It’s 9/11 all over again, mark my word (that sounds clic?d).

Just when people start to discuss curbing the police state’s powers, a convenient terrorist strike happens, causing millions of americans to forget their privacy and cry for vengeance, ceding the government more power.

Yeah, expect another high profile terrorist attack with controversial details that gets covered up quicker than you can blink with shitty “official explanation”. Investigation committees get blocked, skeptics branded “conspiracy theorists”, US marches on another Holy Crusade against the Big Bad Terrorists in some obscure mid-east country with deprecated weaponry. After the invasion, a conveniently pro-US government installed, everyone happy!

Headbhang says:

Re: Re:

Funny how Snowden is a traitor by compromising security by letting the terrorists know and adapt about the NSA activities…
Surely revealing specificially which kind of communications between which people they’re snooping on won’t prompt terrorists to take any measures at all. Bloody morons.

Unless it’s all fake propaganda, in which case… Lying scumbags.

Anonymous Coward says:

Al Qaeda can now cause economic harm without even attacking us!

Just ‘pretend’ in phony messages they send to each other in ways they know the NSA will pick up that they’re going to attack something somewhere, sometime in the near future, with something… vague…

Then the US will rush to close a bunch of foreign embassies if it’s abroad, or shut down an entire US city!

Or of course, there’s always the possibility that these claims are a bunch of garbage, and just the US making up some incredibly vague and dangerous threat, and using it to scare people and get them to love what the NSA is doing.

ss (profile) says:

Re: Re: Re:

I know how most appreciate facts over conjecture, myself included, but if I were to imagine myself in a similar position this would be one one of the first things I’d do given the current situation. Namely, to wide eyed protege: “Watch this.” to appropriately indoctrinated mujahadeen: “Send this email.”. Then I’d sit back and beat one of my women for allowing a 12 year old daughter to read a book that was not the Qur’an.
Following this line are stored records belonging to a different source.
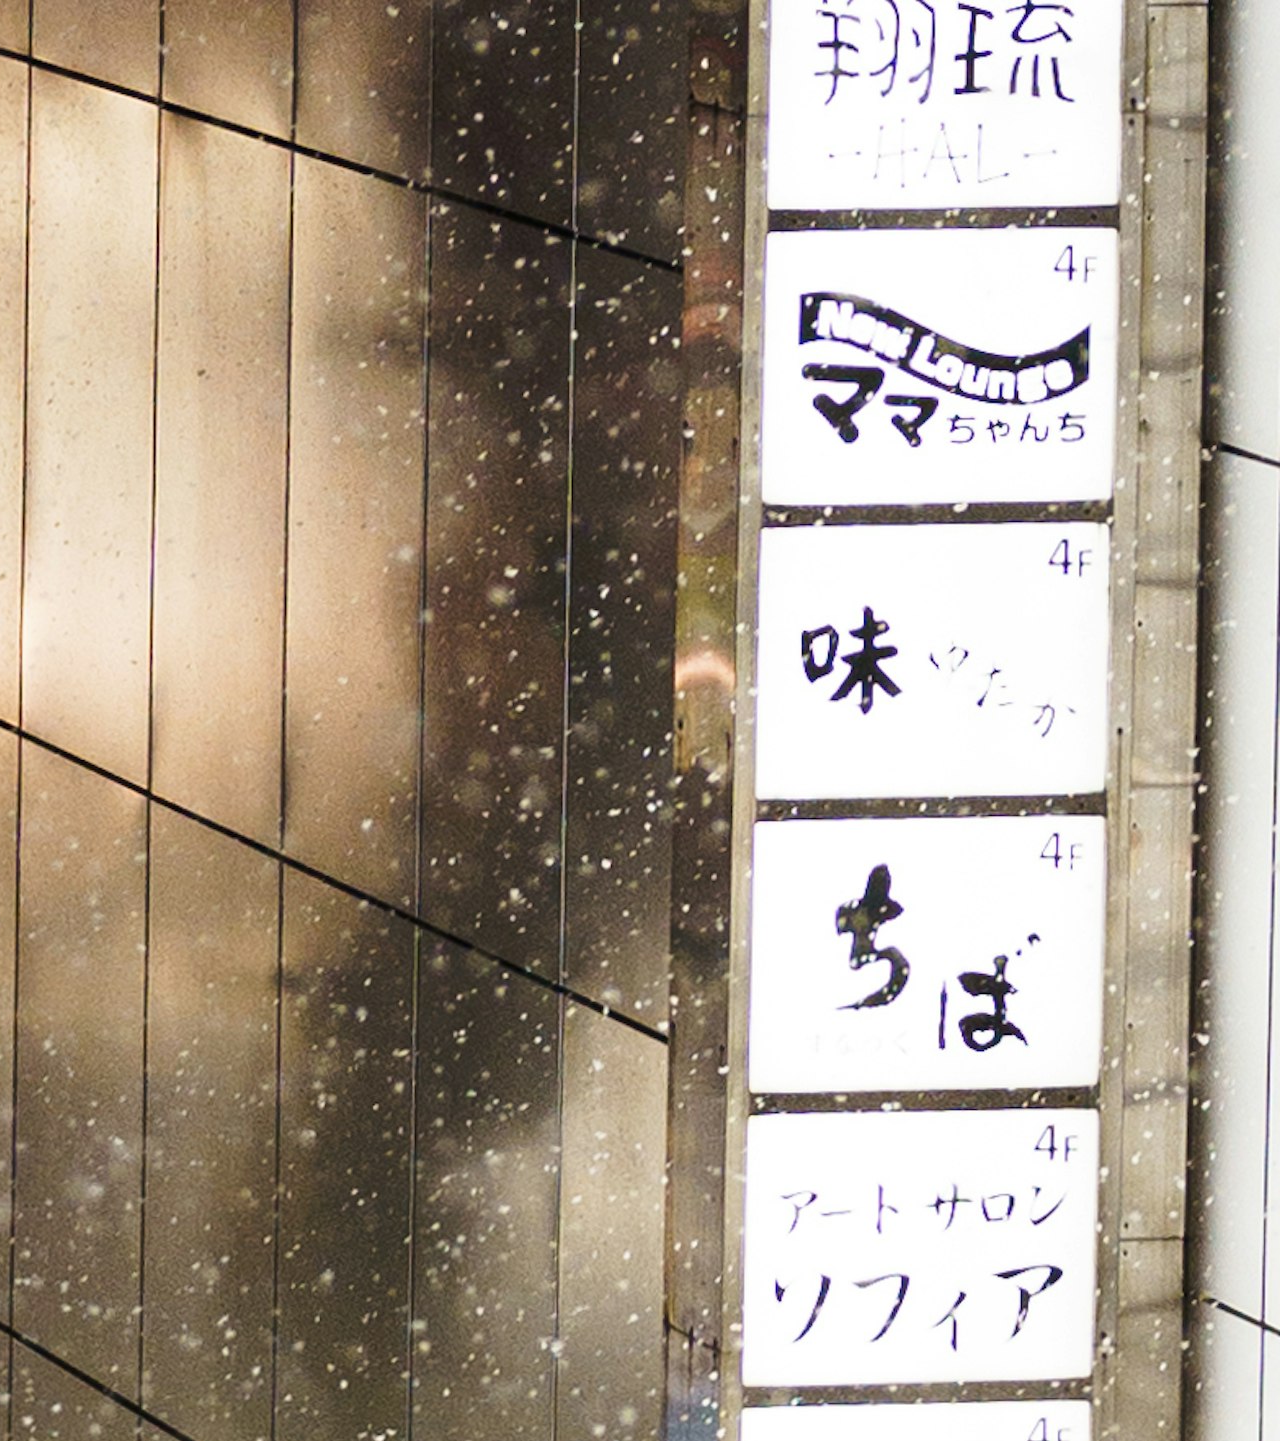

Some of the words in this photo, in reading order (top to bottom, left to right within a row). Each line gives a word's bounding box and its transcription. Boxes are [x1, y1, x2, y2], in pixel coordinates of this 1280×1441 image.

[1054, 245, 1096, 283] 4F
[1048, 539, 1094, 578] 4F
[1040, 832, 1082, 871] 4F
[835, 863, 1040, 1051] ちば
[1034, 1124, 1078, 1163] 4F
[775, 1265, 1063, 1351] ソフィア
Email recipient: “lol, wut?” (in whatever teh appropriate native language equivalent would be)

Anonymous Coward says:

Re: Re: Re:

I really don’t like clicking on blind links (tinyurl, bit.ly, etc.). They can be dangerous.
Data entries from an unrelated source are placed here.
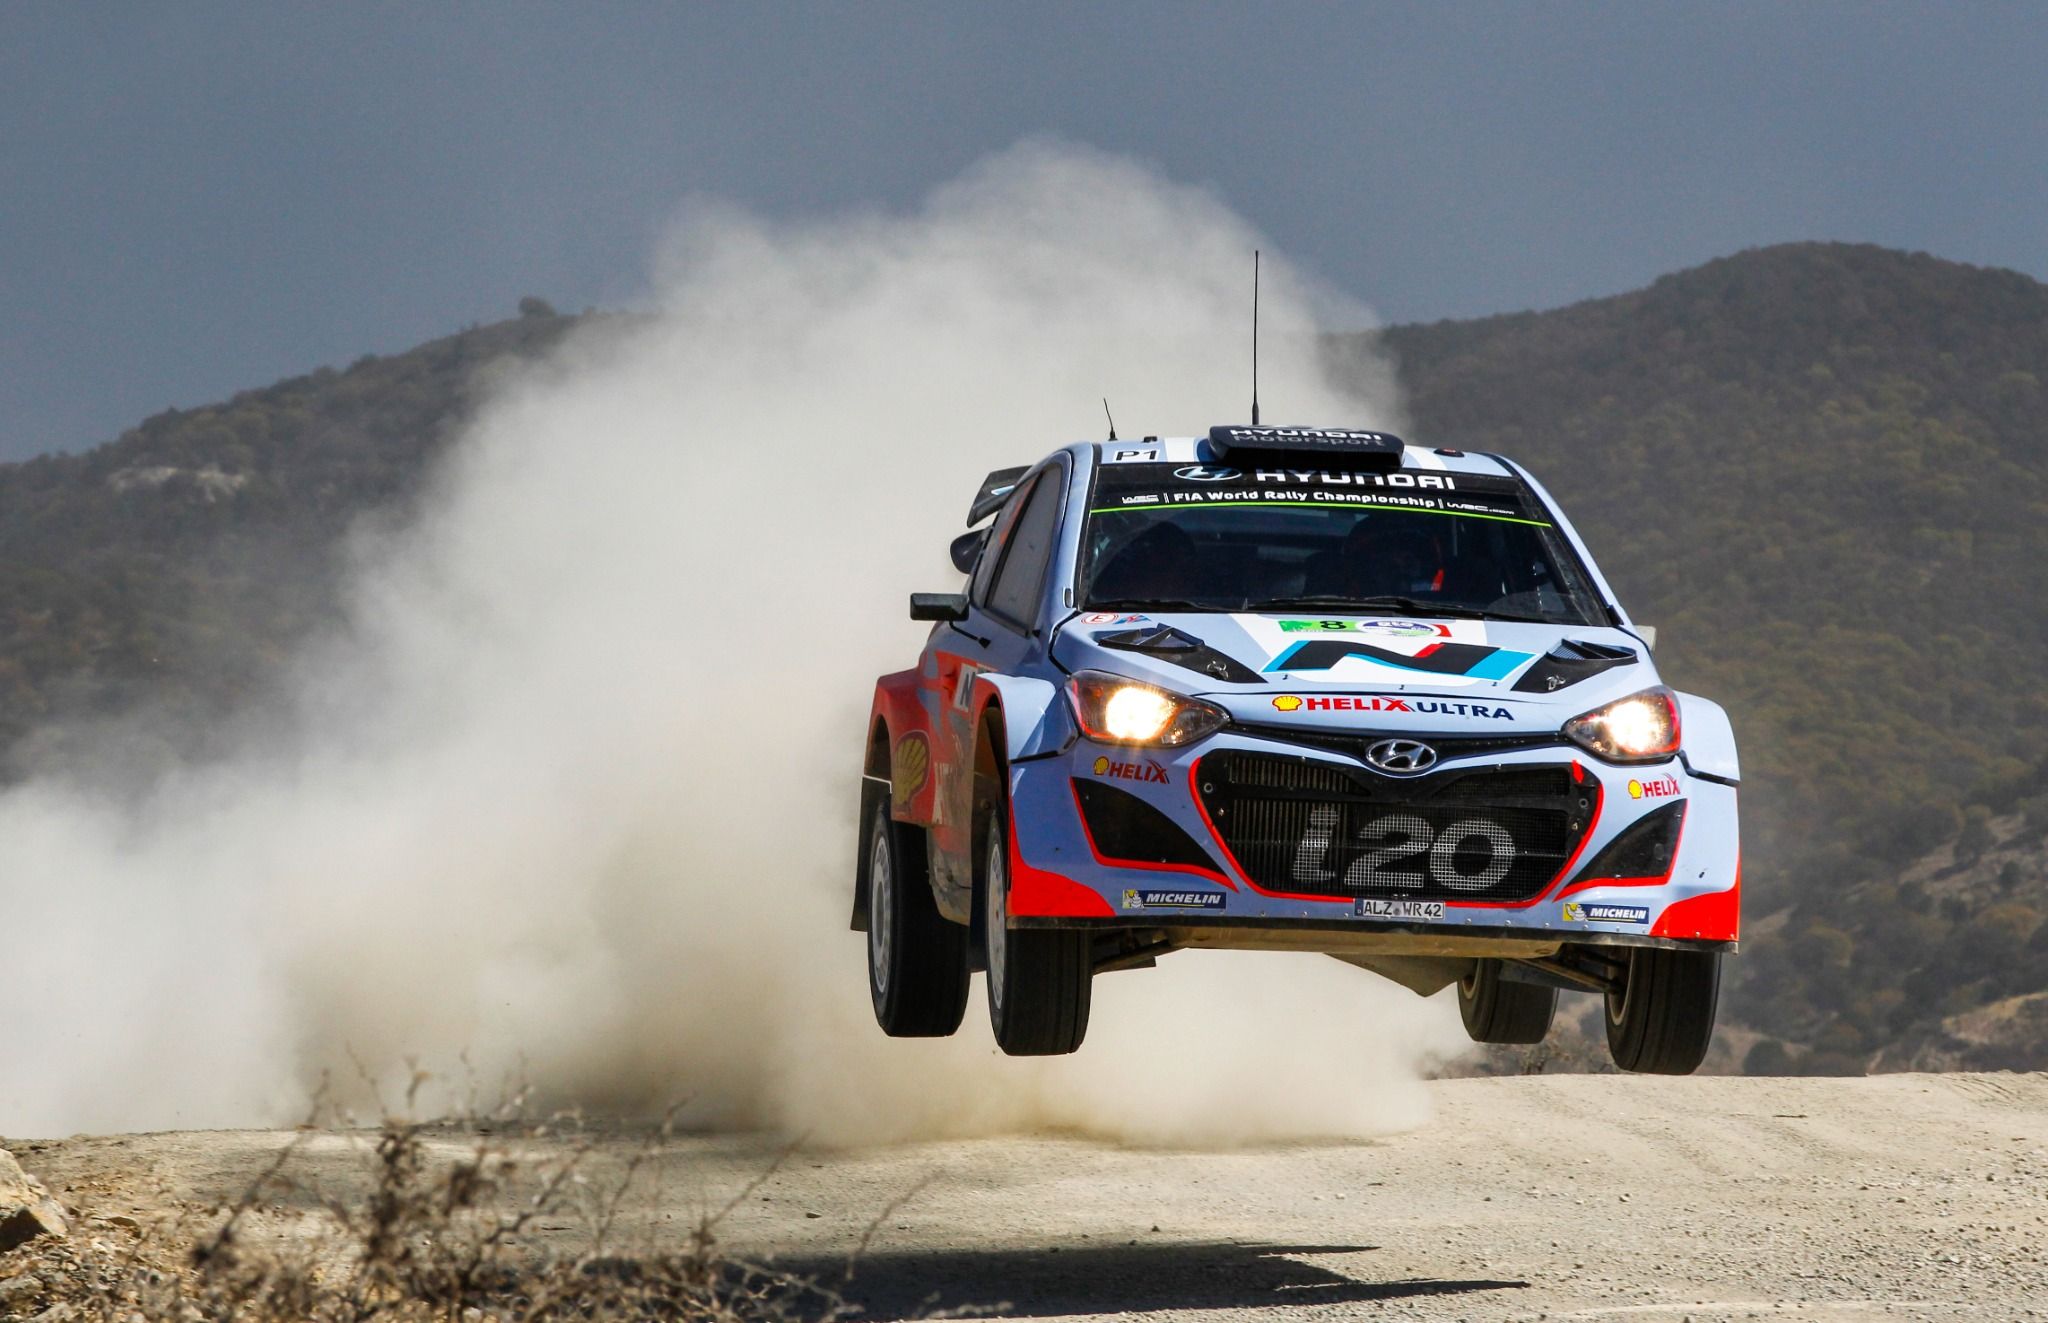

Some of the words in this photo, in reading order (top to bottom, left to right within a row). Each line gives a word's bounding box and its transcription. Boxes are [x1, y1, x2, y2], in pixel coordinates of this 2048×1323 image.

[1229, 429, 1383, 441] HYUNDAI
[1233, 434, 1386, 447] Motorsport
[1115, 450, 1157, 461] P1
[1255, 468, 1456, 490] HYUNDAI
[1173, 492, 1204, 502] FIA
[1206, 490, 1259, 500] World
[1264, 490, 1308, 501] Rally
[1313, 491, 1436, 508] Championship
[1319, 620, 1347, 630] 8
[1307, 695, 1413, 712] HELIX
[1416, 701, 1515, 721] ULTRA
[1108, 759, 1169, 784] HELIX
[1642, 773, 1681, 798] HELIX
[1146, 893, 1221, 904] MICHELIN
[1363, 901, 1393, 915] ALZ
[1590, 907, 1647, 919] MICHELIN
Quite so. All URL shorteners (to date) have done little, if anything, to control the massive amounts of abuse conducted via their services. There is a substantial pile of evidence which suggests that some of them ARE the abusers, and a roughly equal pile of evidence that suggests that some of them have been so thoroughly gamed by abusers that they might as well be.

Best practice for security providers is to immediately (and permanently) blacklist all URL shorteners the moment you’re aware of their existence. Best practice for users is to avoid them entirely: they serve no useful purpose (all sensible software copes gracefully with full URLs) but they serve many evil ones.

Rikuo (profile) says:

Re: Re: new leak

I’m waiting for the government approved “leak” that proves Snowden is a pedophile who raped babies, killed little old grandmas and danced on their graves…oh and that Obama and Bush fought the War on Terror singlehanded, wearing the American Flag as a cape and using the Constitution as a shield against gunfire (to explain why there’s now so many holes in the Amendments, it was the terrorists goddammit!)

Anonymous Coward says:

We need to stop applying logic to this. It’s really just driving us crazy.
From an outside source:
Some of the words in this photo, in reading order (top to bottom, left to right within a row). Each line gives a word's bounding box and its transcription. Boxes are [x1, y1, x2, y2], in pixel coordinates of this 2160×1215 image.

What the core issue that the NSA is complaining about is that they want their own secret police force; and now they have it.

It’s not as much fun when the secret police force isn’t so much a secret anymore. They got mud all over their Tonka truck and now they’re crying about it.

There is no logic or reasonable mindset that can be followed. They want to wave their bureaucratic fists in the air and hope the audience shuts up and stops whispering mean things about them. Eventually they’re going to realize that screaming and rambling on stage only makes the whispering worse.

Anonymous Coward says:

i hope i am wrong, but i wouldn’t put it past those who are trying their damnedest to justify and to keep the spying going, to not just fake this attack, but actually orchestrate and execute one. the lengths some seem to be prepared to go to be able to condemn Snowden and all others that have shown the people what a bunch of completely untrustworthy people are in government so as to stay in their jobs, is nothing short of amazing.
the release of the information is to try to disarm the public and get them to stop blaming the government for what they are doing and have them focus on the ‘terrorist activities’ instead. i haven’t actually read anything yet, but i am a little surprised that a full blooded ‘i told you that if it weren’t for the spying we wouldn’t have known anything about the attack’ bullshit speech hasn’t been released!

GH Crosby (profile) says:

NSA's wakeup call about privacy on the Internet

I think the NSA revelations are a much-needed wake-up call for people using the Internet. We’ve been too cavalier about it for too long. We willingly gave up our privacy. OK, we didn’t know about NSA & PRISM. But we need to take action now to protect ourselves.
Get your stuff off the cloud where it’s a sitting duck for NSA, not to mention Google, Microsoft, Apple, Dropbox or whoever is hosting it for you. They’re ALL looking at your stuff, either to find reasons to get you or find ways to get your money.
Still want to get to your files over the Internet? Then put them in something like a Cloudlocker (cloudlocker.it), which stays in your house where no one can get to it without a warrant issued on probable cause you’re a bad guy. That’s the way it’s supposed to work. Hopefully, we’ll see more products like this to help ordinary people protect what little of our privacy we have left.

Anonymous Coward says:

I doubt Al Qaeda is dumb enough to communicate their attack plans through email. They’ve known the US is monitoring electronic communications, even before the NSA leaks.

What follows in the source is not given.